He introduces the idea of a “four quadrant” analysis, which is both simple and far-reaching: it refers to the interior-individual, the exterior-
individual (i.e. the individual as subject and object, or the aspects of depth and surface), then the interiorcollective (cultural) and the exteriorcollective (social). All of this is detailed in a number of tables and is applied, for instance, to the mind-brain debate within the Enlightenment tendency to reduce the inside to the outside, subjects to objects, the I/we to the It. As Wilber puts it, “surfaces can be seen, depth must be interpreted” – and any interpretation is, according to the insights of post-modernism, necessarily context-bound. The important point is that none of these four aspects can be reduced to another, and a complete explanation needs to take them all into account. Moreover, each quadrant has its own corresponding scheme of validity claim, for instance truth for the objective and truthfulness for the subjective realm.
Wilber uses his quadrant scheme to show that systems theory is in fact what he calls a subtle reductionism since it describes relationships from the outside and ignores the inner realm in the same way as the more familiar atomistic reductionism. so we have a new holistic materialism which, although it combats the traditional mechanistic approach, is nevertheless an expression of the same physicalist assumptions. The link is that both materialistic schools reject the notion of any domain of existence transcending nature and are characteristic of what Wilber calls the “descended grid” or “flatland”. He goes on to show how one of the main conflicts in Western culture has been waged between the “Ascenders” and the “Descenders”, a war in which the Descenders have had the upper hand since the Enlightenment. The Ascenders move upwards towards the transcendent and other-worldly and fail to see that Nature is itself an expression
of the Spirit; the Descenders, on the other hand, focus on the immanent and this-worldly, which involves the collapse of the Kosmos and interior dimensions.
THIS INSIGHT is brilliantly linked to spiritual traditions, where the path from the Many to the One is that of “ascent” to wisdom, and from the One to the Many the “descent” to compassion. It goes without saying that Wilber’s thesis claims that we need an integration between these two polarities or tendencies. He points out that they were in fact integrated in Plato and indeed Plotinus, where the manifest world was seen as an embodiment of the Good. The key Enlightenment figure in this respect is Schelling, who understood the necessity of differentiating mind and nature but saw that the transcendental and unifying ground of both had been forgotten.

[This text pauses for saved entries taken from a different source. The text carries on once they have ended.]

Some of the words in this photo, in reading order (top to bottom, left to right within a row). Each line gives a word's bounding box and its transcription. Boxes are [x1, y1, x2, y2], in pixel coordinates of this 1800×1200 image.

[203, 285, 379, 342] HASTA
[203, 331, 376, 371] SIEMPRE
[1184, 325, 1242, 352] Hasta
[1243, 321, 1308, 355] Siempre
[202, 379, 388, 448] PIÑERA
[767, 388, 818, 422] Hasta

Schelling goes further by insisting that Spirit is the only reality: “Spirit descends into manifestation, but this manifestation is nevertheless Spirit itself a form or expression of Spirit itself.” Nature is “God-in-the-making”; the processes of nature are themselves spiritual processes. Wilber sums this up by stating that “Spirit knows itself objectively as nature; knows itself subjectively as mind; and knows itself absolutely as Spirit – the Source, the Summit and the Eros of the entire sequence.” He goes beyond Schelling in his understanding of the transcending of the mind itself through the creative emergence of non dual consciousness which is both its source and goal. It is a process which, as he says, goes from pre-personal to personal to transpersonal, from biosphere to noosphere to theosphere, from subconscious to self-conscious to superconscious. This dialectic was misunderstood by Schelling’s pupil, Hegel, and was not pursued to its logical conclusion by Idealism, which provided no transpersonal practice consonant with its insights. This part of the book is the clearest and most succinct account of the evolution of consciousness which I know, and will appeal to anyone trying to formulate a constructive post-modern world-view.

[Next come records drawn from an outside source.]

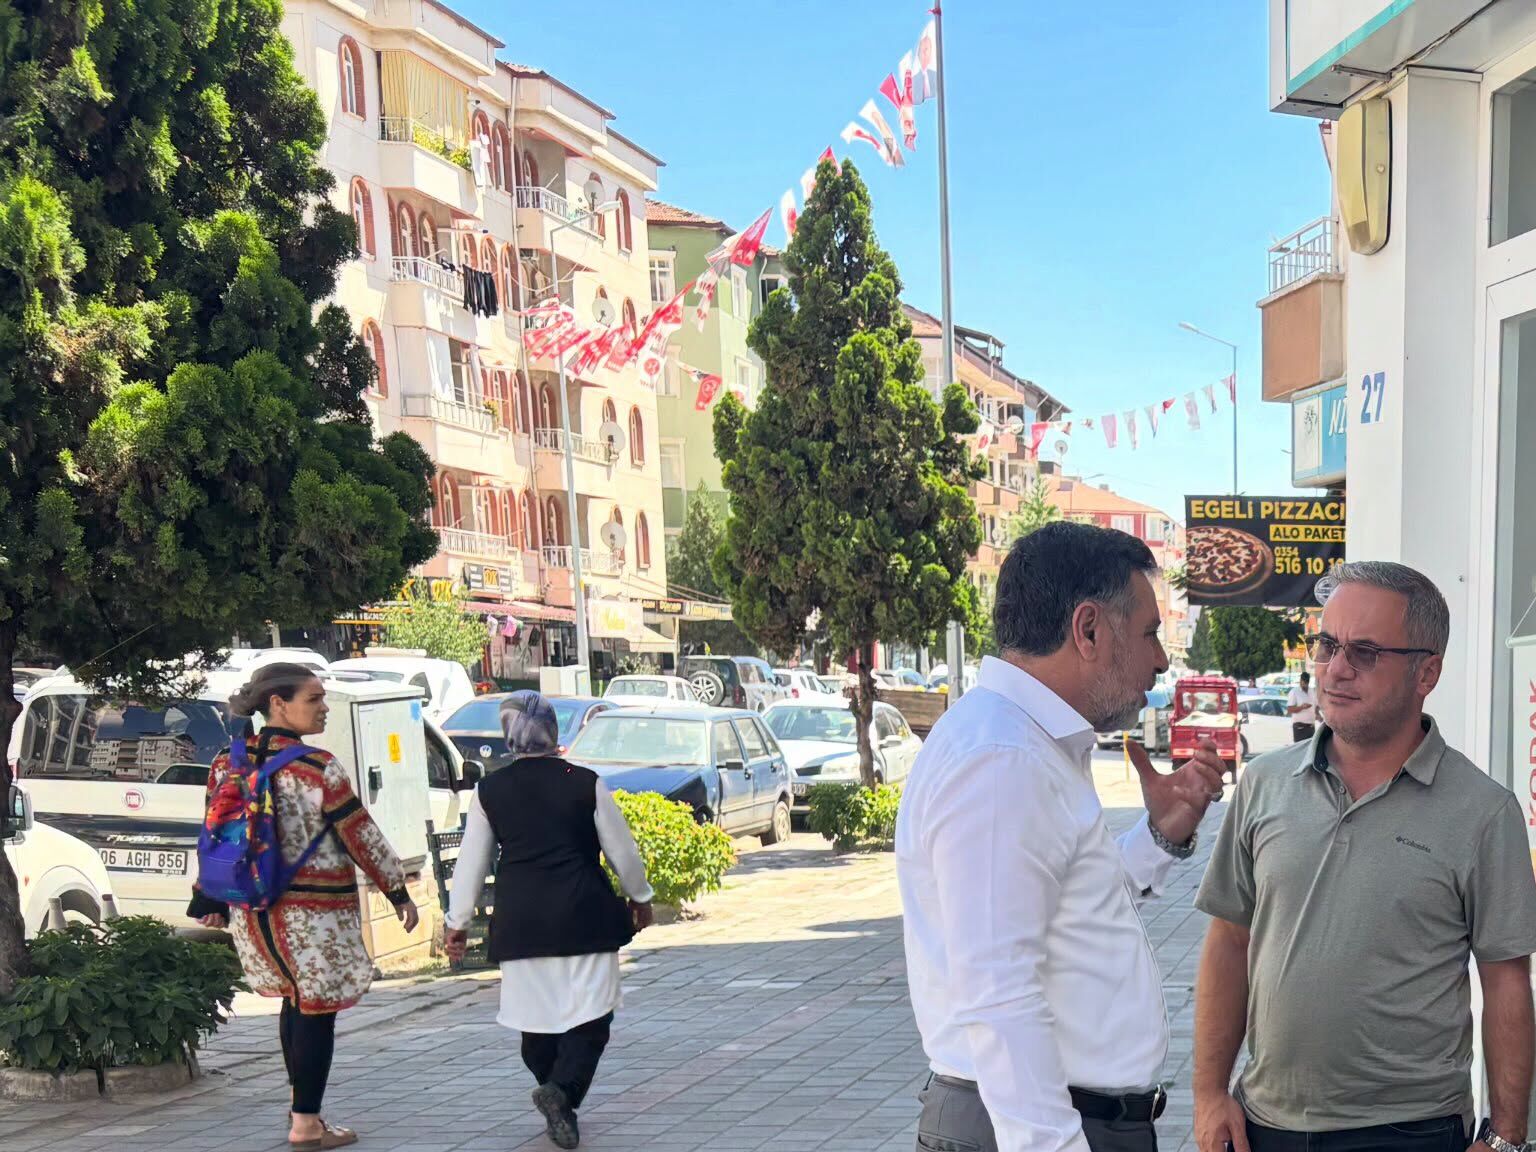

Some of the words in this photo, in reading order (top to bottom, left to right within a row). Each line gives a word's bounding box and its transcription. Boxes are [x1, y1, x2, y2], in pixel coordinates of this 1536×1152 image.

[1360, 371, 1385, 424] 27
[1273, 527, 1300, 540] ALO
[1304, 528, 1346, 541] PAKET
[1274, 547, 1299, 558] 0354
[1275, 558, 1301, 575] 516
[1305, 558, 1324, 575] 10
[101, 850, 117, 866] 06
[126, 851, 151, 868] AGH
[158, 853, 183, 869] 856
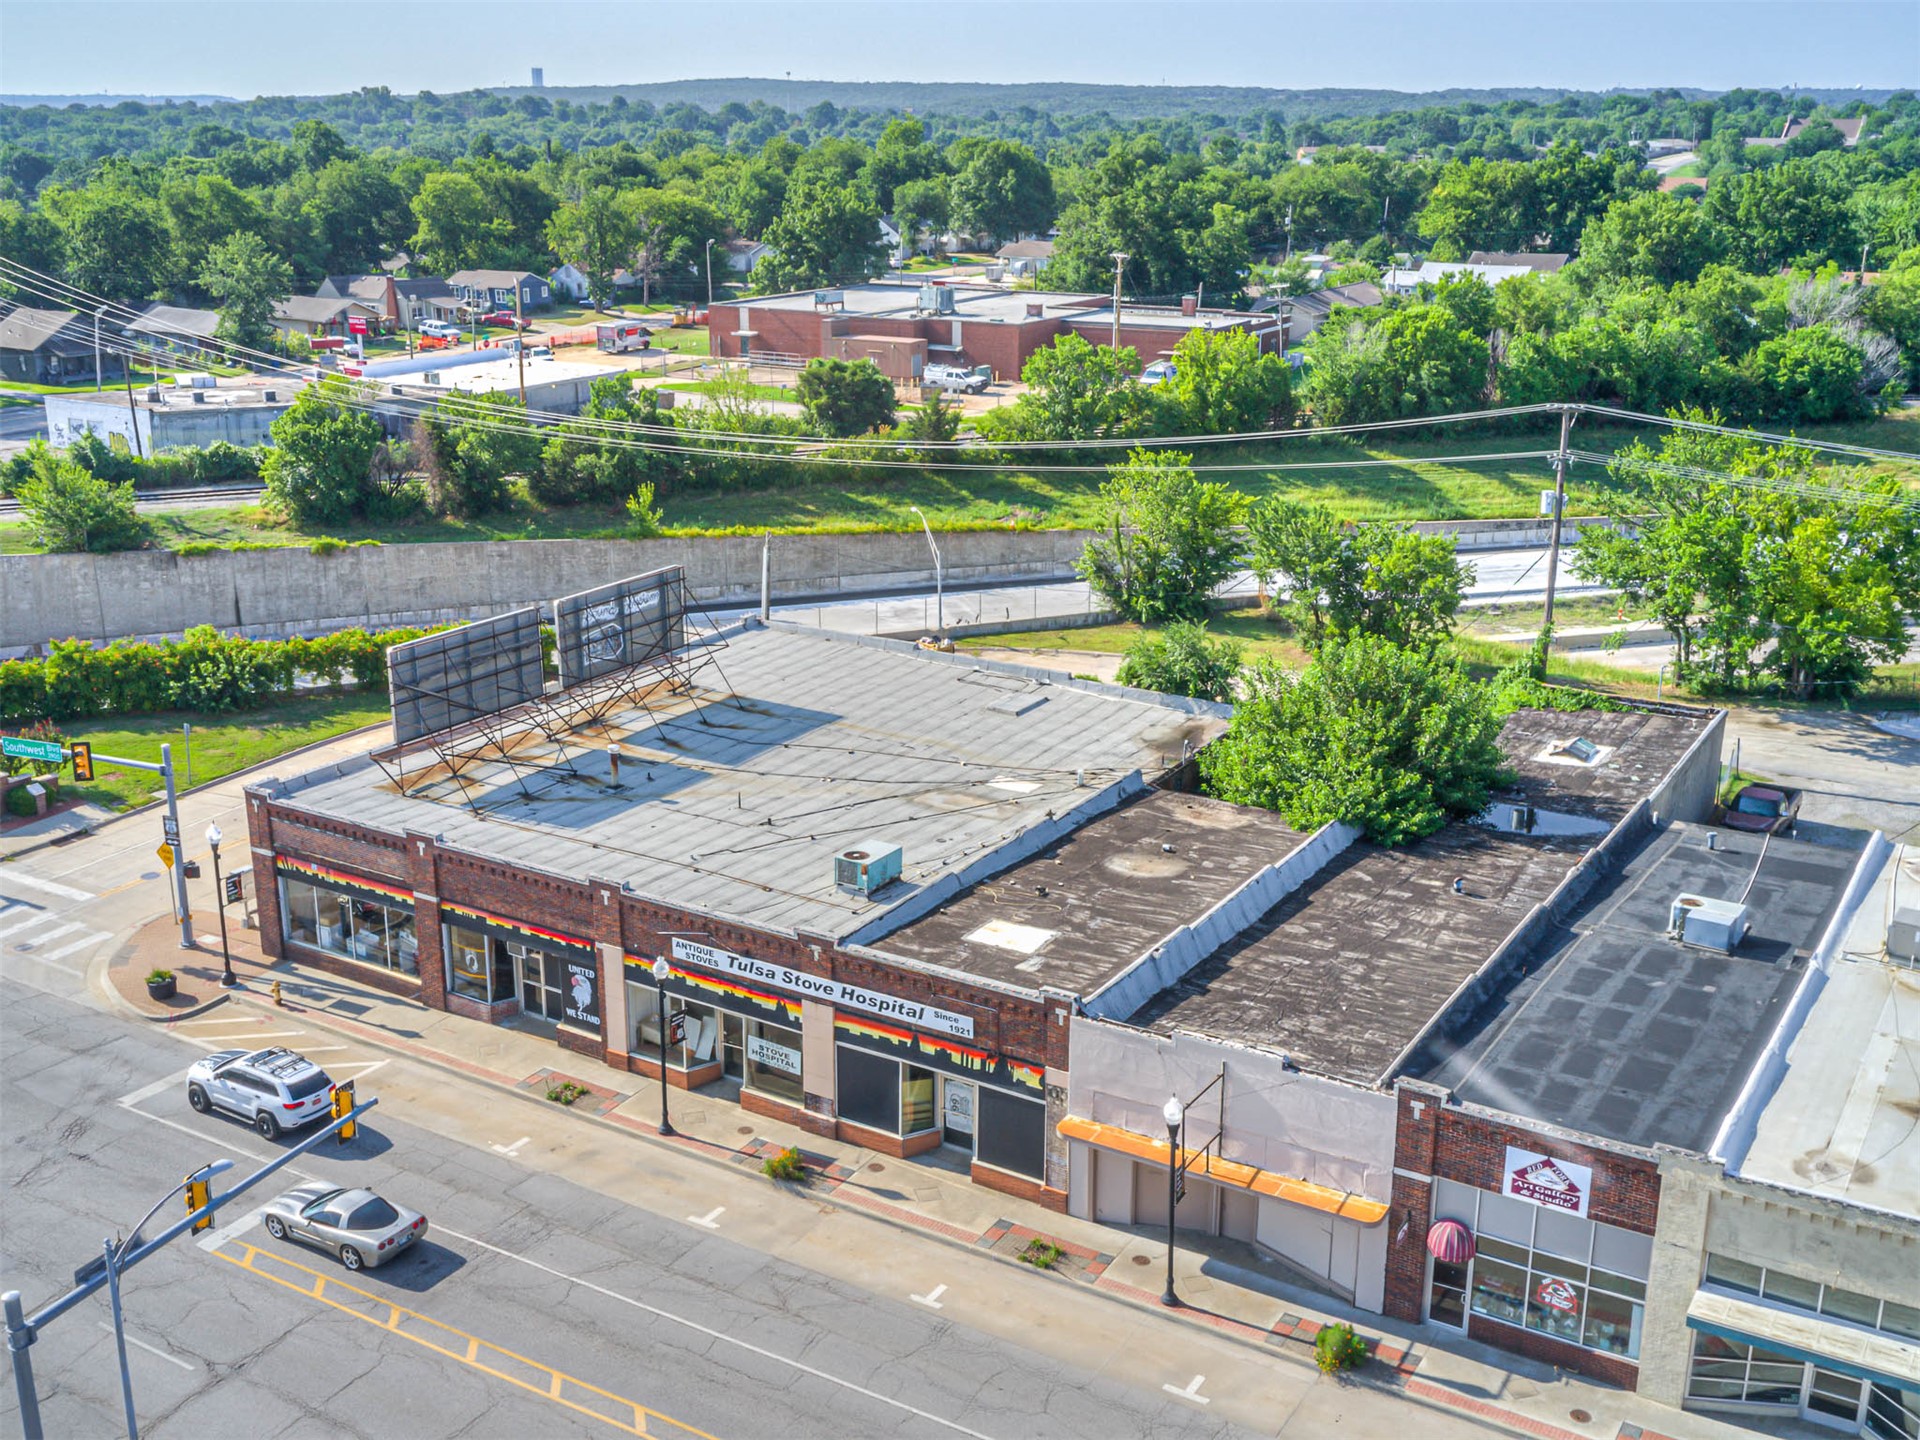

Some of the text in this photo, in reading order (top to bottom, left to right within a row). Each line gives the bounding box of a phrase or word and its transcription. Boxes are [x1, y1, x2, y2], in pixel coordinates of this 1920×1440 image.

[5, 741, 45, 756] Southwest
[675, 941, 715, 958] ANTIQUE
[685, 952, 719, 968] STOVES
[568, 964, 596, 979] UNITED
[727, 955, 925, 1020] Tulsa Stove Hospital
[566, 1007, 601, 1026] WE STAND
[933, 1010, 960, 1024] Since
[948, 1024, 971, 1037] 1921
[752, 1048, 796, 1069] HOSPITAL
[758, 1044, 791, 1060] STOVE
[1526, 1162, 1570, 1186] RED FORK
[1514, 1180, 1579, 1204] Art Gallery
[1520, 1189, 1572, 1208] & Studio

Wilber’ s remarks on eco-philosophy and environmental ethics are both instructive and controversial. As might be guessed from my account of subtle reductionism above, he traces the roots of eco-philosophy to the Romantic movement, which itself was a feeling reaction against the rational mechanistic impulse of the new science. Their mistake, according to Wilber, is to reject transcendence as ruining nature instead of realizing with Schelling that nature is an expression of the Spirit. Thus they recommend a regressive return to an earlier form of society, which is itself romanticized. I found his criticisms appropriate in the light of his thesis, and would encourage eco-philosophers to re-situate themselves within a Schelling metaphysic:
we are not just parts of the web, but, at a deep level, we are the web itself.
Wilber’s ideas on environmental ethics are based on his distinction between ground, intrinsic and extrinsic values: all holons have equal ground value as manifestations of the same spirit; every holon has the intrinsic value of its own wholeness and depth; then each holon has an extrinsic, instrumental value for other holons. This leads to the injunction to protect or promote as much depth or consciousness as possible. Deep ecology tends to conflate these three values while Wilber’s distinctions can bring greater clarity to ethical discussions, especially those involving relationships between different species.
Summarizing a book which is already a summary can only convey a flavour of the richness of its content and insights. Wilber is one of the most important thinkers of our time and brings a fresh understanding to our cultural situation and the prospects for an integral world-view in the next century. No one concerned with the big picture can afford to ignore Wilber’s work and this book provides the best introductory overview of it.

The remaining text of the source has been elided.